COME UN TRENO – Banca Fideuram? “Va come un treno”, ha detto venerdì scorso Enrico Tomaso Cucchiani, chief executive officer della controllante Intesa Sanpaolo a BLUERATING, a proposito dell’andamento dell’istituto di promotori finanziari e private banker presieduto da Enrico Salza e guidato da Matteo Colafrancesco (qui la notizia precedente). Cucchiani ha ottimi motivi per essere soddisfatto dell’andamento di Banca Fideuram.

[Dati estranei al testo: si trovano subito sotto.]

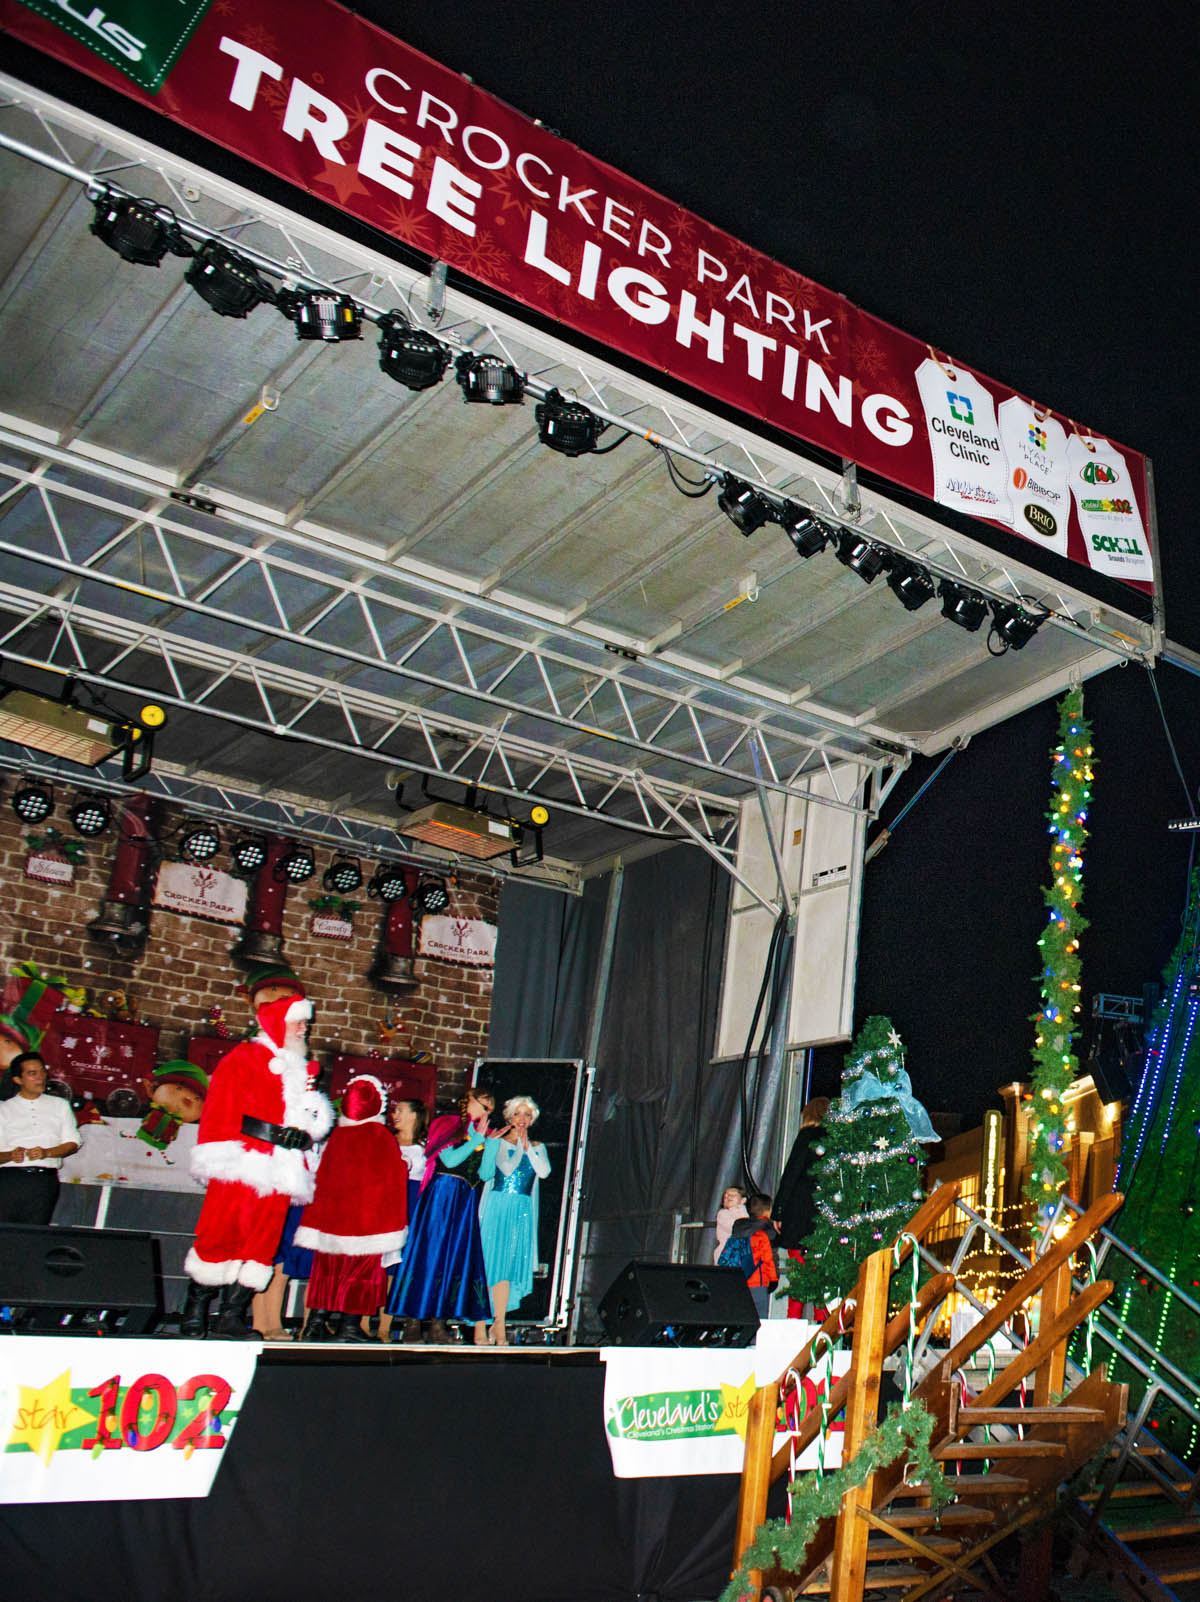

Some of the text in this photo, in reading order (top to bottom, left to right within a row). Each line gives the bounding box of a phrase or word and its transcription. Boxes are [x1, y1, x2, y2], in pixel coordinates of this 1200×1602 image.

[364, 67, 833, 355] CROCKER PARK
[218, 35, 914, 447] TREE LIGHTING
[931, 417, 1000, 452] Cleveland
[950, 442, 990, 466] Clinic
[1018, 440, 1055, 468] HYATT
[1024, 453, 1050, 476] PLACE
[1027, 478, 1061, 501] BIBIBOP
[1029, 505, 1054, 530] BRIO
[163, 890, 208, 907] CROCKER
[210, 901, 235, 913] PARK
[427, 940, 465, 954] CROCKER
[467, 948, 490, 956] PARK
[13, 1373, 232, 1452] star 102
[618, 1391, 719, 1432] Cleveland's

SUPERDIVIDENDO – Secondo quanto risulta a BLUERATING, infatti, Intesa Sanpaolo ha incassato qualche settimana fa un superdividendo di ben 159,7 milioni di euro a valere sui 227,6 milioni di profitto netto realizzato nel bilancio civilistico 2012. Nello specifico, l’utile ha remunerato con un dividendo di 0,163 euro ciascuna delle 980,2 milioni di azioni ordinarie di cui è costituito il capitale di Banca Fideuram. Cedolone a parte, il restante profitto di 67,8 milioni è stato destinato dalle assemblee degli azionisti a riserva straordinaria.
SODDISFAZIONE – Un confronto con il 2011 la dice lunga sui motivi della soddisfazione di Cucchiani. Considerando lo stesso bilancio civilistico, infatti, Banca Fideuram realizzò due anni fa un utile netto di 42,2 milioni e in questo caso la politica di pay-out vide remunerare la controllante Intesa Sanpaolo con un dividendo di 40,1 milioni (cioè quattro volte di meno di quanto ha ricevuto qualche settimana fa) mentre alla riserva straordinaria andarono i restanti 2 milioni.
L’ORIGINE DEI NUMERI – E da dove arrivano i superutili di Banca Fideuram? A loro volta dai dividendi delle controllate del gruppo guidato da Colafrancesco: soprattutto da Fideuram Asset Management Ireland, che ha erogato una cedola di 191 milioni (80 milioni nel 2011), ma hanno contribuito anche i dividendi di Fideuram Bank Luxembourg (20,7 milioni), Sanpaolo Invest (19,9 milioni), Fideuram Investimenti sgr (9,4 milioni) e Fideuram Gestions (3,3 milioni).